California

Moulton Niguel Water District

Moulton Niguel Water District
California

Forecasting Water Demand in California When Every Drop Counts

December 2016

Objectives

  • Develop a “proof of concept” water demand forecasting model using flow data at the microzone level for potential future scaling to other retailers in the California Data Collaborative, a unique water manager-led public private partnership that brings together utilities across the state to leverage data to help water managers ensure reliability.  

Findings

  • Created data infrastructure and dashboards to forecast water demand at the microzone level in Moulton Niguel Water District, saving the agency an estimated $5 million in avoided capital storage costs

Question

Moulton Niguel Water District (MNWD) provides water, recycled water, and wastewater service to approximately 170,000 people across several cities in Southern California where droughts have plagued local communities for the past several years. Like many areas in the region, MNWD does not have access to local water supplies so must bear the expense of importing all of its drinking water supply from the Colorado River or the Sacramento-San Joaquin Delta. It also supplements this with recycled water, treated water that would otherwise run out to sea, for irrigation and other non-potable uses.

Facing the worst drought California has seen in the past 500 years, MNWD approached DataKind for help to more precisely and accurately forecast water demand to improve pricing, expand conservation programs and implement initiatives to increase the efficiency of water transportation throughout its network.

What Happened?

In a DataCorps project sponsored by Bloomberg, Data Ambassador Will High and a team of volunteers started off by diving into the data, including MNWD’s past 12 years of water usage data, weather data and census data on household characteristics. Specifically, MNWD wanted to forecast demand for its irrigation customers using high volumes of recycled water. If they could more efficiently manage and anticipate peak irrigation water demand, they could avoid having to import expensive potable water as a supplement.

This kind of short term demand forecasting is commonly used in the energy sector, but has not been widely adopted by water utilities in the U.S. The DataCorps team hoped to bring the same approach to MNWD to help manage recycled water demand, inform better conservation programs and improve pricing for its customers.

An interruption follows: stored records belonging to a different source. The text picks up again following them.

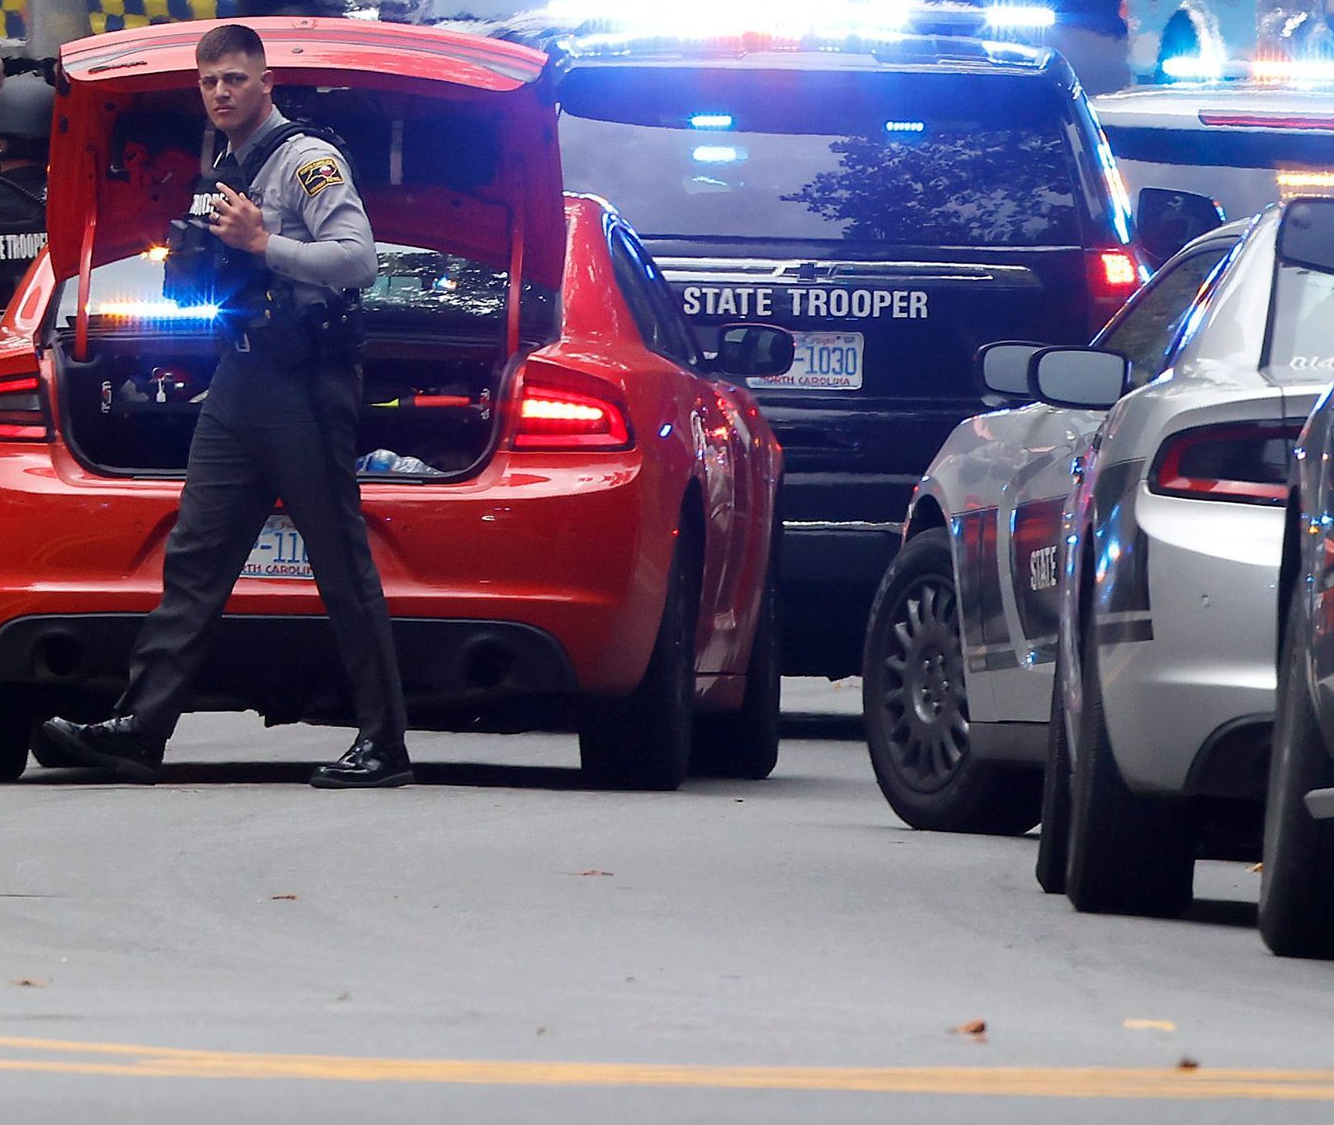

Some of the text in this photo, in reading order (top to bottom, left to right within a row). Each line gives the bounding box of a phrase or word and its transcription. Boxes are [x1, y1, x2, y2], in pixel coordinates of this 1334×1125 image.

[683, 287, 928, 318] STATE TROOPER
[794, 346, 857, 375] -1030
[798, 377, 850, 386] CAROLINA
[1030, 546, 1057, 590] STATE
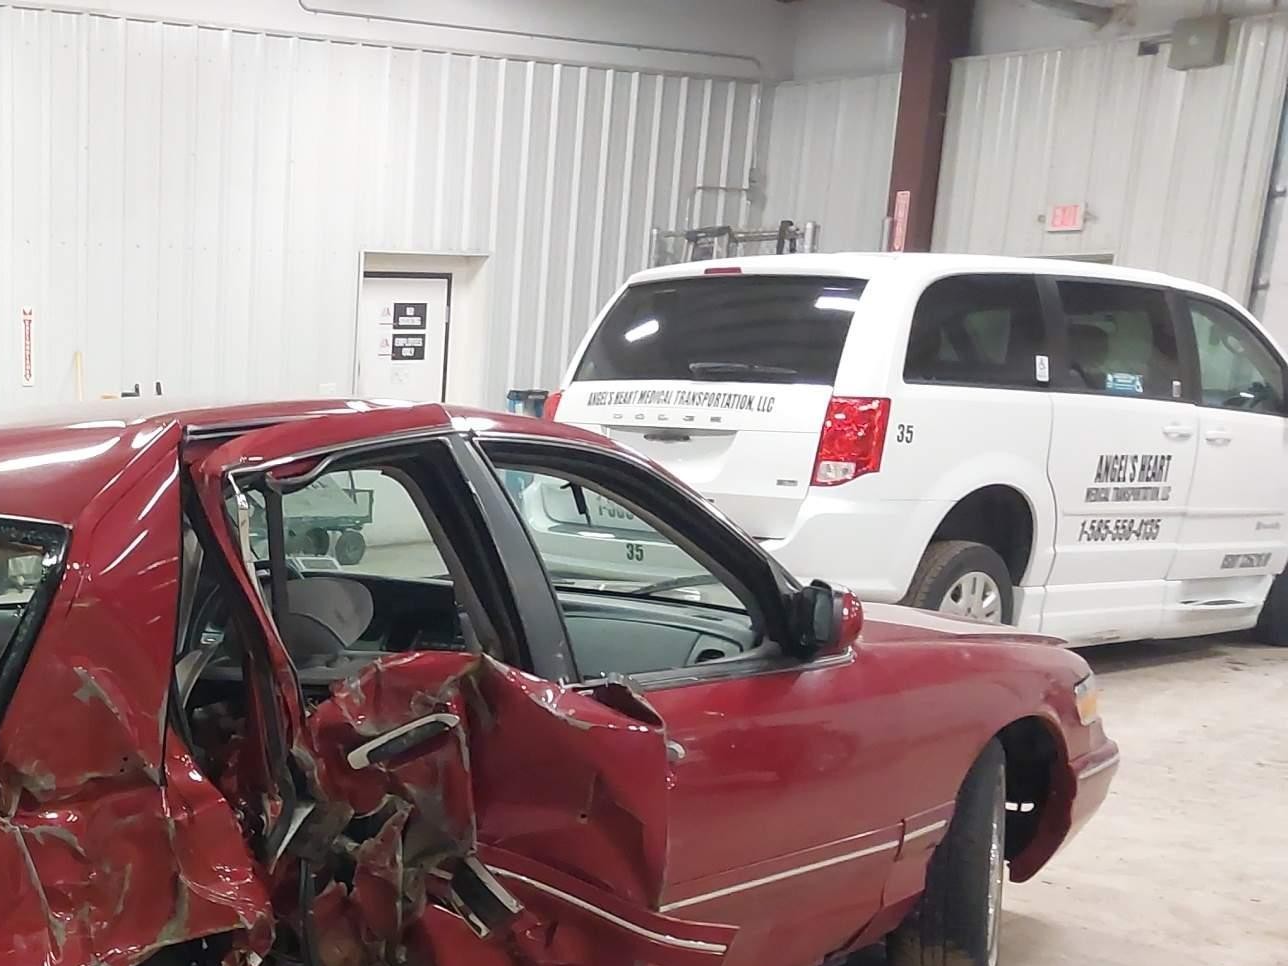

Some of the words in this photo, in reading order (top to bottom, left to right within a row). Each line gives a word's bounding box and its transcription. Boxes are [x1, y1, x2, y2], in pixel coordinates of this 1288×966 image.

After several months of analysis and work, the team created an open source dashboard to predict recycled water demand at the microzone level in Moulton Niguel Water District:

 

Check out and contribute to the underlying open source code.

The blue line is forecasted demand, shown with a confidence band. If the blue line shows any chance of reaching or exceeding the maximum supply estimate, which is the red line, this signals a warning to the MNWD analyst. The analyst can then use this to better manage future resources by reaching out to the largest water consumers to request that they reduce usage for the period or shift their schedules.

Next Steps

MNWD is part of the California Data Collaborative, a unique water manager-led public private partnership that brings together utilities across the state to integrate data and deploy tools like this to help water managers ensure reliability. They hope to scale this tool across other water retailers through the California Data Collaborative to more efficiently transport water throughout the California water system. With accurate short term demand forecasting, California water managers will be able to adjust the timing and routing of water through their network to plan for peak needs and schedule the movement of water around peak electric prices.

The Collaborative was honored by the White House for its innovative use of data to promote water efficiency and management. On a statewide level, MNWD believes these types of data-driven efforts could help California create a more sustainable level of urban water use and prepare for future potentially worse droughts.